Reproduce, with no changes, the line that contains "this 2443×1050 image." and all the lines that come after it in the records.
Data for review: Begin
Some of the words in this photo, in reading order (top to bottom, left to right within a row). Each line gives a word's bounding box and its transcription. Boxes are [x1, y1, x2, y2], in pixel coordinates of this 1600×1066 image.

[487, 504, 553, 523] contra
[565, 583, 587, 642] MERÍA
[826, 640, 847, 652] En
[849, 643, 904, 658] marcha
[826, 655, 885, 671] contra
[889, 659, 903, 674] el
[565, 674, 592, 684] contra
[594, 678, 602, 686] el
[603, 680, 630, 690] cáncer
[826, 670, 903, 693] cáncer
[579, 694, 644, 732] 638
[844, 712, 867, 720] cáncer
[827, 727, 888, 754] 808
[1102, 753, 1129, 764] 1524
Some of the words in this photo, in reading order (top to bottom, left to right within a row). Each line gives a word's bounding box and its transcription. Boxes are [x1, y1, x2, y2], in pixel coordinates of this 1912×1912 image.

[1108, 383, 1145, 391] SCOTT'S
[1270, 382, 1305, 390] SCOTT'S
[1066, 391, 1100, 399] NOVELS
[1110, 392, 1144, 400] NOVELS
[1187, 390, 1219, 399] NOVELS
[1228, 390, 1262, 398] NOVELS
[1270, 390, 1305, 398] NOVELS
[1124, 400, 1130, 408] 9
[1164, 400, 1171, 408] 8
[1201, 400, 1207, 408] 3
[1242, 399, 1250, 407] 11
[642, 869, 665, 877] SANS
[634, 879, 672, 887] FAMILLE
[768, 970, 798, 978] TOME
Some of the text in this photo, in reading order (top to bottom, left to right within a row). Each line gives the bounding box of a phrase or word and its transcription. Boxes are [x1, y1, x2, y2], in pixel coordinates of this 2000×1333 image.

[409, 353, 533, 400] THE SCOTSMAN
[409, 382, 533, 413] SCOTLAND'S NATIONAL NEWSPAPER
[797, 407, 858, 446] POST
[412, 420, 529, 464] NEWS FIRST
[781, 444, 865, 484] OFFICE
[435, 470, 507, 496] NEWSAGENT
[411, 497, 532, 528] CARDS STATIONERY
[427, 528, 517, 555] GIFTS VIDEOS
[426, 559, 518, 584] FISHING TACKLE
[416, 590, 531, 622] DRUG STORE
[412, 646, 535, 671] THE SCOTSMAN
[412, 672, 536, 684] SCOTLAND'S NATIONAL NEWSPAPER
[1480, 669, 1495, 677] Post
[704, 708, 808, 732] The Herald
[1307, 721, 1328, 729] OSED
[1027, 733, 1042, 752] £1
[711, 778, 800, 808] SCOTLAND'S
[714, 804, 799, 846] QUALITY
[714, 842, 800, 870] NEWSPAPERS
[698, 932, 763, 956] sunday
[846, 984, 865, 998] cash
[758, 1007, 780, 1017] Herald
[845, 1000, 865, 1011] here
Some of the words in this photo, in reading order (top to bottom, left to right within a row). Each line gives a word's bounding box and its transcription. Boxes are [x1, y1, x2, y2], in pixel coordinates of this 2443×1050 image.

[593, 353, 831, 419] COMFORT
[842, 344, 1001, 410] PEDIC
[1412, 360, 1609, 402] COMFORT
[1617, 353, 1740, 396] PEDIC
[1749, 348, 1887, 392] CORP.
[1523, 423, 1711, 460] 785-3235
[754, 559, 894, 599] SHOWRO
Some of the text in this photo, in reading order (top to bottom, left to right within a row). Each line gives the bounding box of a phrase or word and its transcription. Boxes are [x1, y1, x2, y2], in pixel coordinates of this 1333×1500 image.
Data for review: End
* [Result of this exercise]
Some of the words in this photo, in reading order (top to bottom, left to right within a row). Each line gives a word's bounding box and its transcription. Boxes are [x1, y1, x2, y2], in pixel coordinates of this 2443×1050 image.

[593, 353, 831, 419] COMFORT
[842, 344, 1001, 410] PEDIC
[1412, 360, 1609, 402] COMFORT
[1617, 353, 1740, 396] PEDIC
[1749, 348, 1887, 392] CORP.
[1523, 423, 1711, 460] 785-3235
[754, 559, 894, 599] SHOWRO
Some of the text in this photo, in reading order (top to bottom, left to right within a row). Each line gives the bounding box of a phrase or word and its transcription. Boxes are [x1, y1, x2, y2], in pixel coordinates of this 1333×1500 image.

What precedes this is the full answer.